MATERIAL FOR THE TASK section start

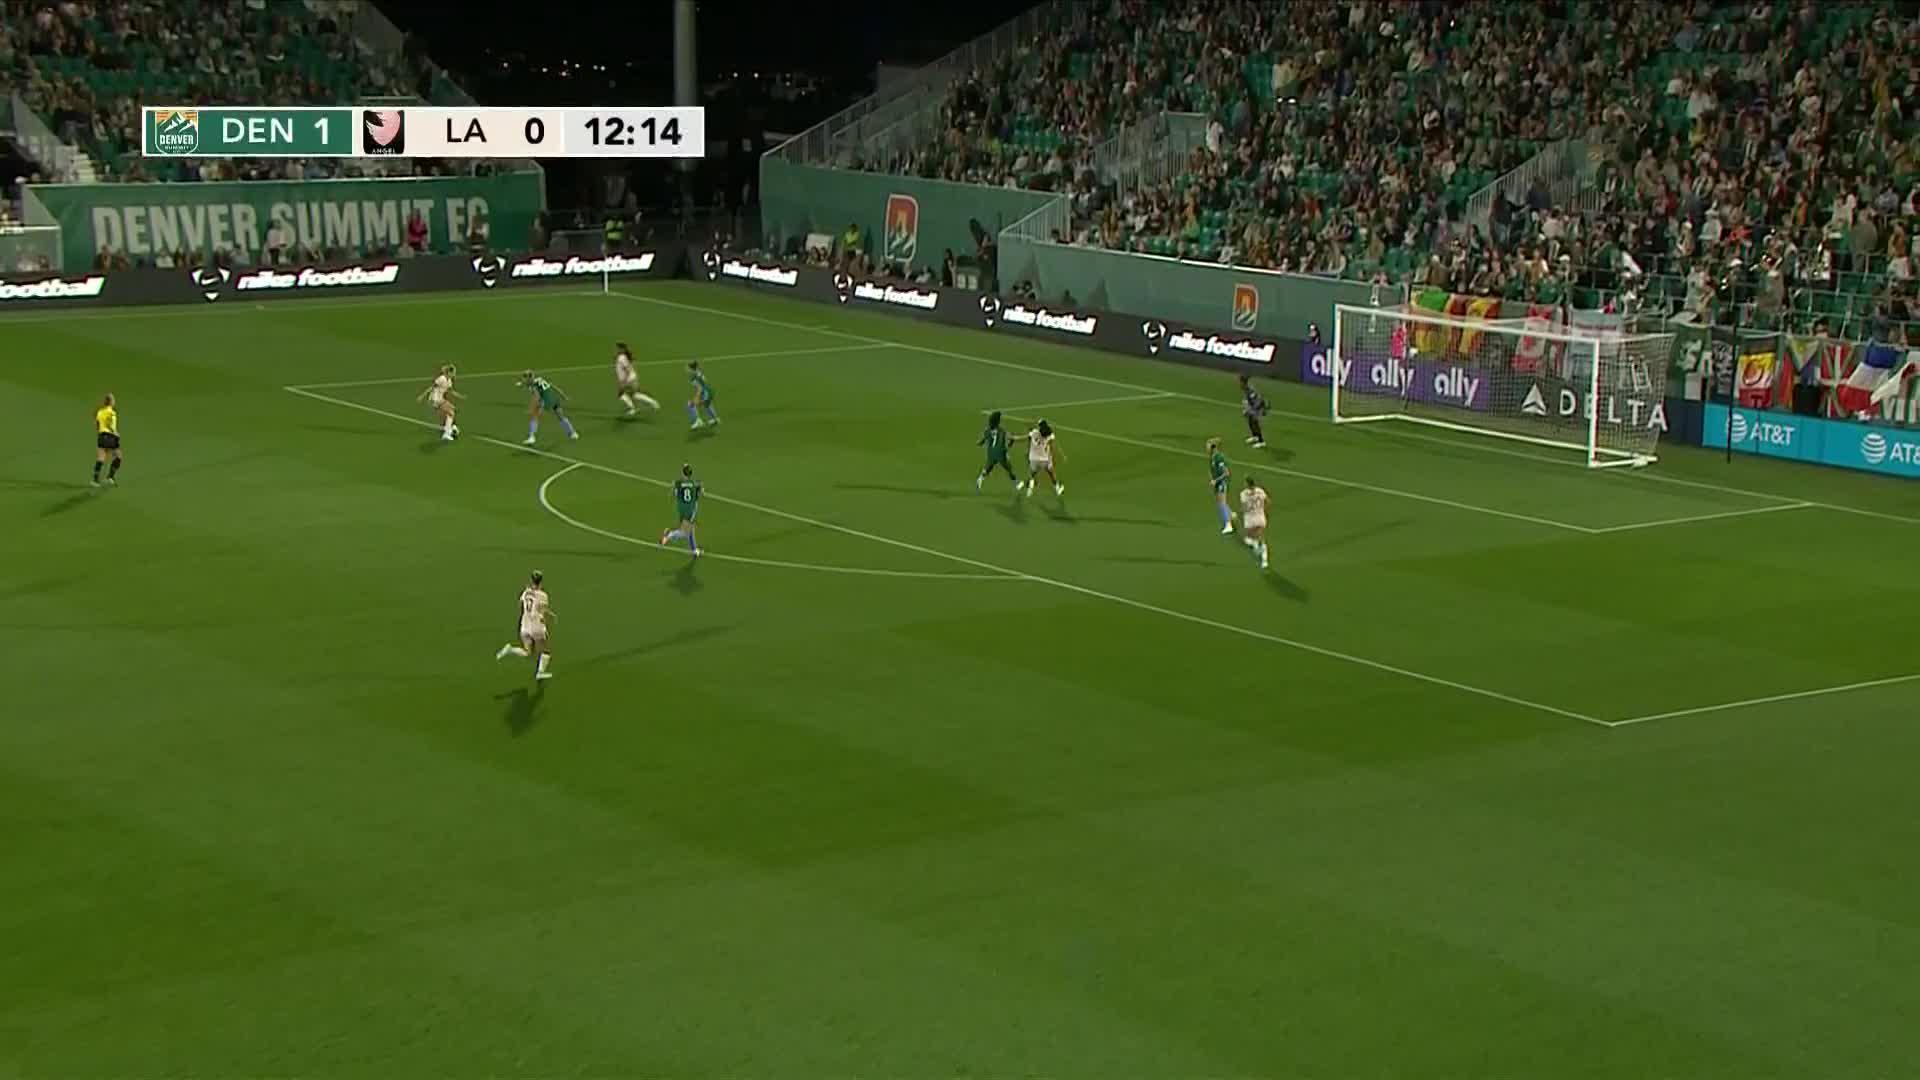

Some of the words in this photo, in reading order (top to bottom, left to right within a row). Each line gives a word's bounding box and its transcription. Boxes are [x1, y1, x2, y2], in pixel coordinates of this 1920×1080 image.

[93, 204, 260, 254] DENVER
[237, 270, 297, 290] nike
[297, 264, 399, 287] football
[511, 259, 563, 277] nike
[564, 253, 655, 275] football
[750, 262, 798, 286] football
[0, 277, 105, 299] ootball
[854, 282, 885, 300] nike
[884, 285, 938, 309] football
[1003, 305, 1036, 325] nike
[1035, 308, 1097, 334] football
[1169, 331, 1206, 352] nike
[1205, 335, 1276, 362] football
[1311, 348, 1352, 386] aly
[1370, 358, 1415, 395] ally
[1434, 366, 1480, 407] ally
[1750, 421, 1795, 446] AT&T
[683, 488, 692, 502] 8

MATERIAL FOR THE TASK section end

PROMPT ▸ Copy every entry word for word, but omit the pictures.

ANSWER TO THE EXERCISE ▸
Some of the words in this photo, in reading order (top to bottom, left to right within a row). Each line gives a word's bounding box and its transcription. Boxes are [x1, y1, x2, y2], in pixel coordinates of this 1920×1080 image.

[93, 204, 260, 254] DENVER
[237, 270, 297, 290] nike
[297, 264, 399, 287] football
[511, 259, 563, 277] nike
[564, 253, 655, 275] football
[750, 262, 798, 286] football
[0, 277, 105, 299] ootball
[854, 282, 885, 300] nike
[884, 285, 938, 309] football
[1003, 305, 1036, 325] nike
[1035, 308, 1097, 334] football
[1169, 331, 1206, 352] nike
[1205, 335, 1276, 362] football
[1311, 348, 1352, 386] aly
[1370, 358, 1415, 395] ally
[1434, 366, 1480, 407] ally
[1750, 421, 1795, 446] AT&T
[683, 488, 692, 502] 8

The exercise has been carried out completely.